Falange Española 1976. 
 El compromiso de hoy     
 
 Arriba.    29/10/1976.  Página: 7. Páginas: 1. Párrafos: 5. 

EL COMPROMISO DE HOY

POR primera vez en la reciente historia de España, la conmemoración del 29 de octubre no tiene carácter

oficial. Digamos, antes de escribir una sola palabra más, que la iniciativa no nos desagrada. Falange Es-

pañola no es el Estado, no es el Gobierno, no es la Administración, no es ni siquiera una parte de ellos.

Falange Española, que nació hace hoy cuarenta y tres años, es, después de los servicios que a España

prestaron sus hombres y su doctrina, una muestra más del pluralismo político; una tendencia que aceptará

el veredicto de las urnas cuando los españoles sean de nuevo convocados a ellas; un fondo doctrinal, más

que un partido, que ha llenado de contenido social nuestras Leyes Fundamentales y la labor de Gobierno a

lo largo de casi medio siglo.

Dicho esto, es preciso convenir en que la fecha de hoy marca uno de los grandes días de la Historia

contemporánea de España. El 29 de octubre de 1933, en el teatro de la Comedia, un puñado de hombres

sembraba una semilla que iba a resultar fructífera para todo el acontecimiento posterior. Pudo serlo más,

indudablemente; pudo hacer que sus planteamientos revolucionarios hubieran cambiado la estructura

económica y social de España; pudo conseguir que el alto puesto que España ocupa hoy entre las naciones

industrializadas estuviese acompañado por una más justa distribución de la riqueza, de las cargas y del

bienestar. Pero la realidad es que el espíritu que nació el 29 de octubre de 1933, como otras muchas

fuerzas sociales, tuvo que ver declinar su impulso ante la realidad de las exigencias de la reconstrucción

nacional e incluso las exigencias de un contexto internacional, a cuyo vocación jamás renunció España.

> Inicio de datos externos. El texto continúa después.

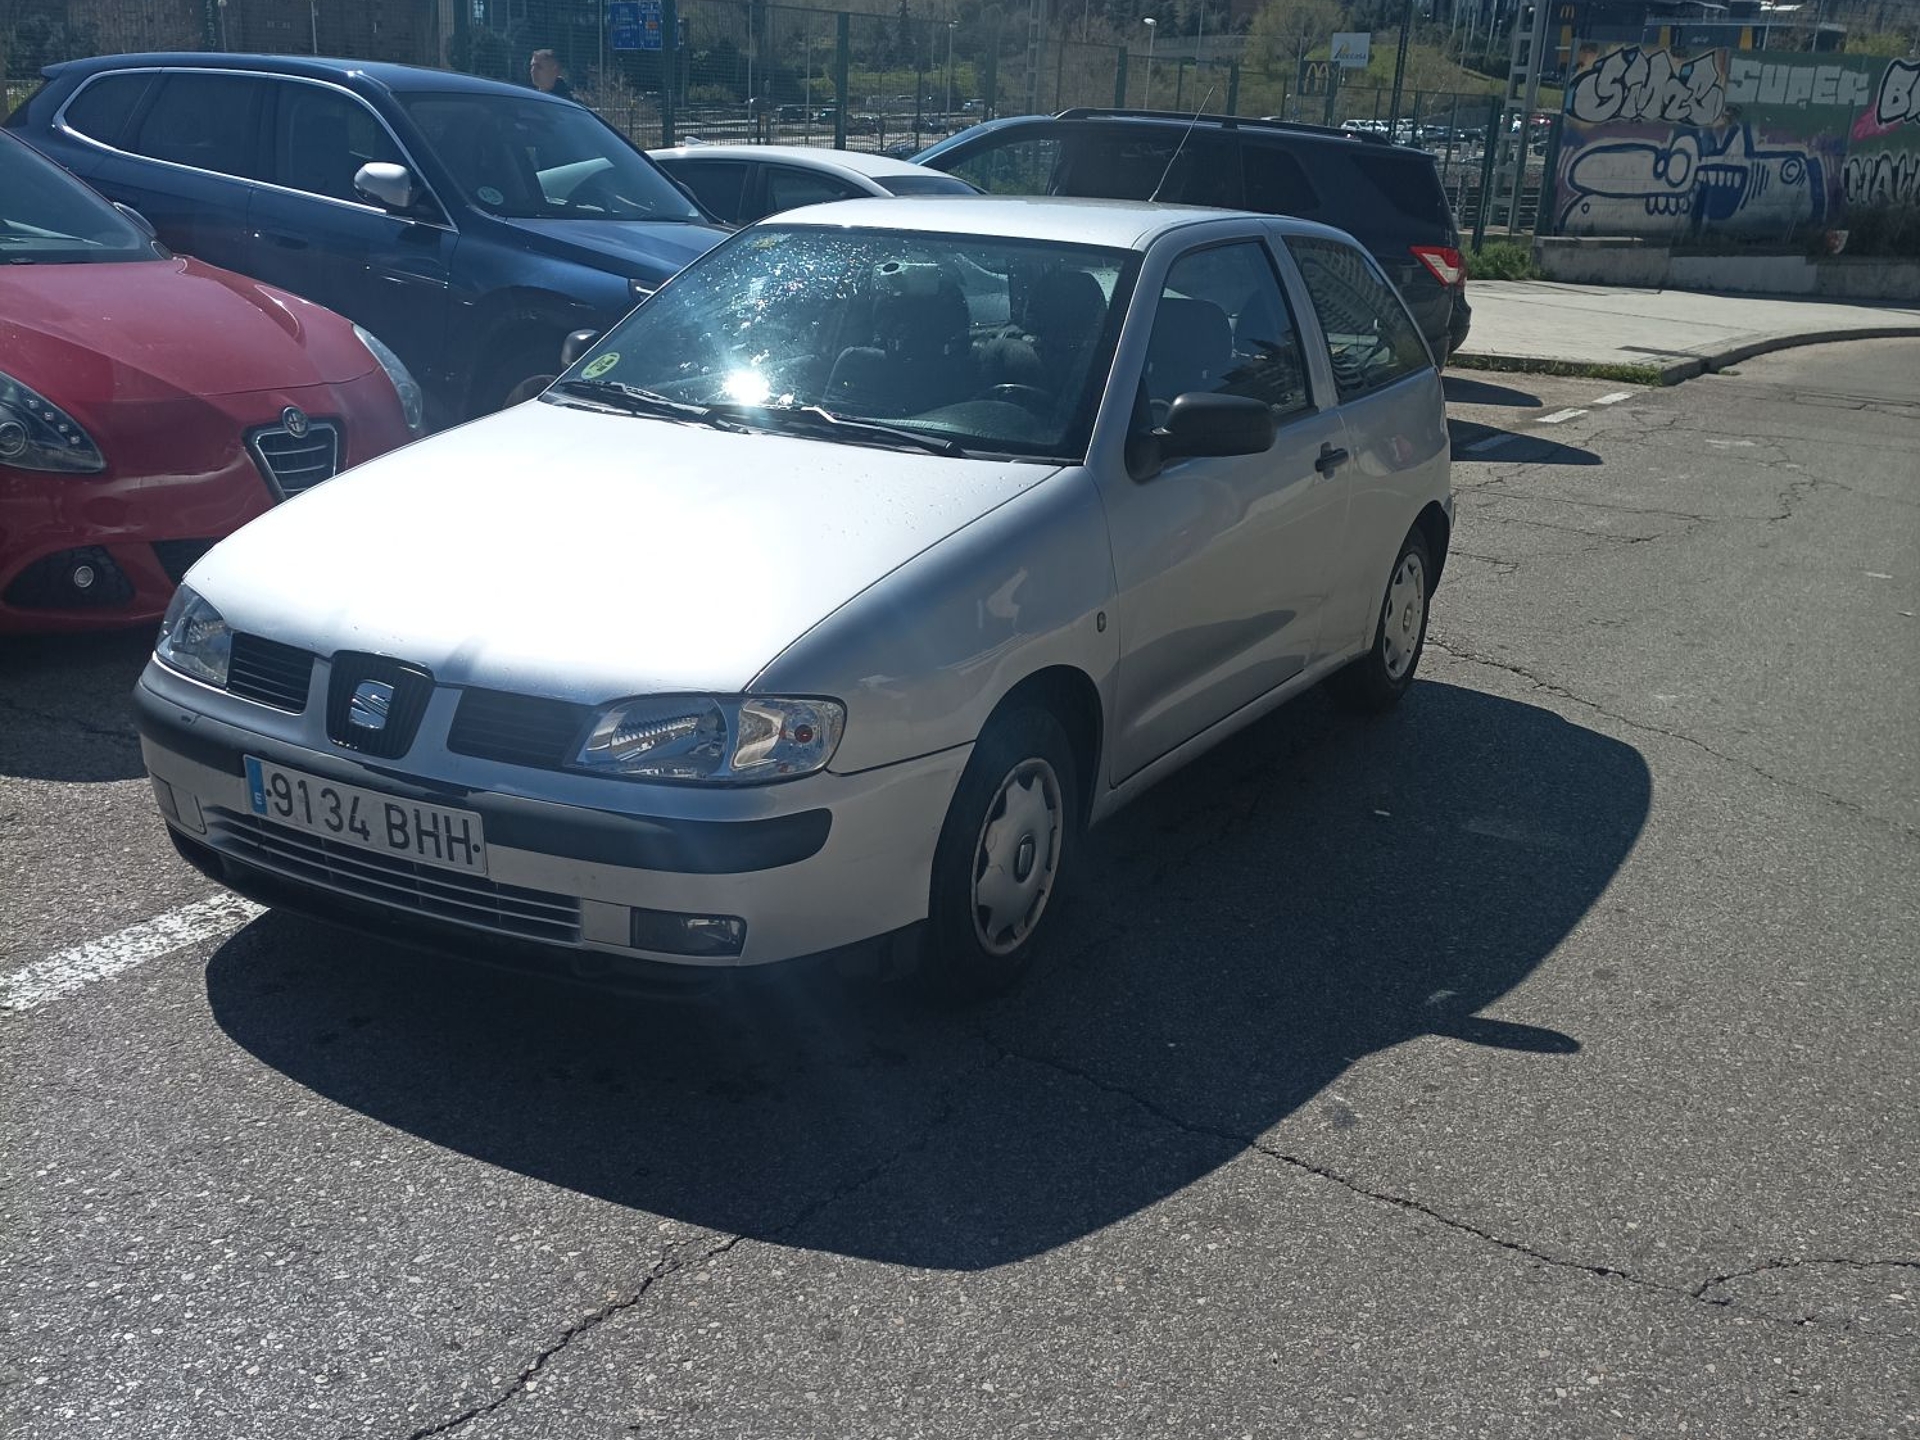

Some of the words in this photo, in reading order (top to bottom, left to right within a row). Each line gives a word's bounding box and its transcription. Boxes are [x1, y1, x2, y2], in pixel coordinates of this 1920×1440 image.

Hoy, cuarenta y tres años después, Falange Española sigue ahí. La fecha fundacional no es —no

quisiéramos que lo fuera—un motivo para el simple recuerdo y la simple nostalgia. De los grandes hechos

históricos no se puede hacer una ocasión funeraria. Y el 29 de octubre es una de esas grandes fechas

históricas. En el instante de la conmemoración, queremos mirar a la Falange de hoy, o la Falange de

1976, a la Falange que es una fuerza política, que aún tiene un pensamiento válido, que aún es capaz de

aportar un talante social a una estructura injusta y dar una doctrina de unidad y de dignidad nacional a una

empresa colectiva que se llama España.

¿Y cómo está esta Falange? Aquí al lado se inserta un cuadro de los grupos falangistas que existen en el

país. Son, todavía, demasiadas alas para un solo sector ideológico. Falange Española, en este sentido,

sufre lo que sufren todas las tendencias políticas: el cáncer de la división, el problema de los liderazgos, la

falta de concreciones ante las exigencias actuales del pueblo español. Al decirlo, no estamos arrojando

piedras contra un tejado de cristal. Estamos siendo consecuentes con nuestra línea editorial que, en este

aspecto, se concreta en una idea: España camina hacia la democracia, construye trabajosamente su

democracia, y esa democracia sólo será posible desde la formación de grandes bloques políticos.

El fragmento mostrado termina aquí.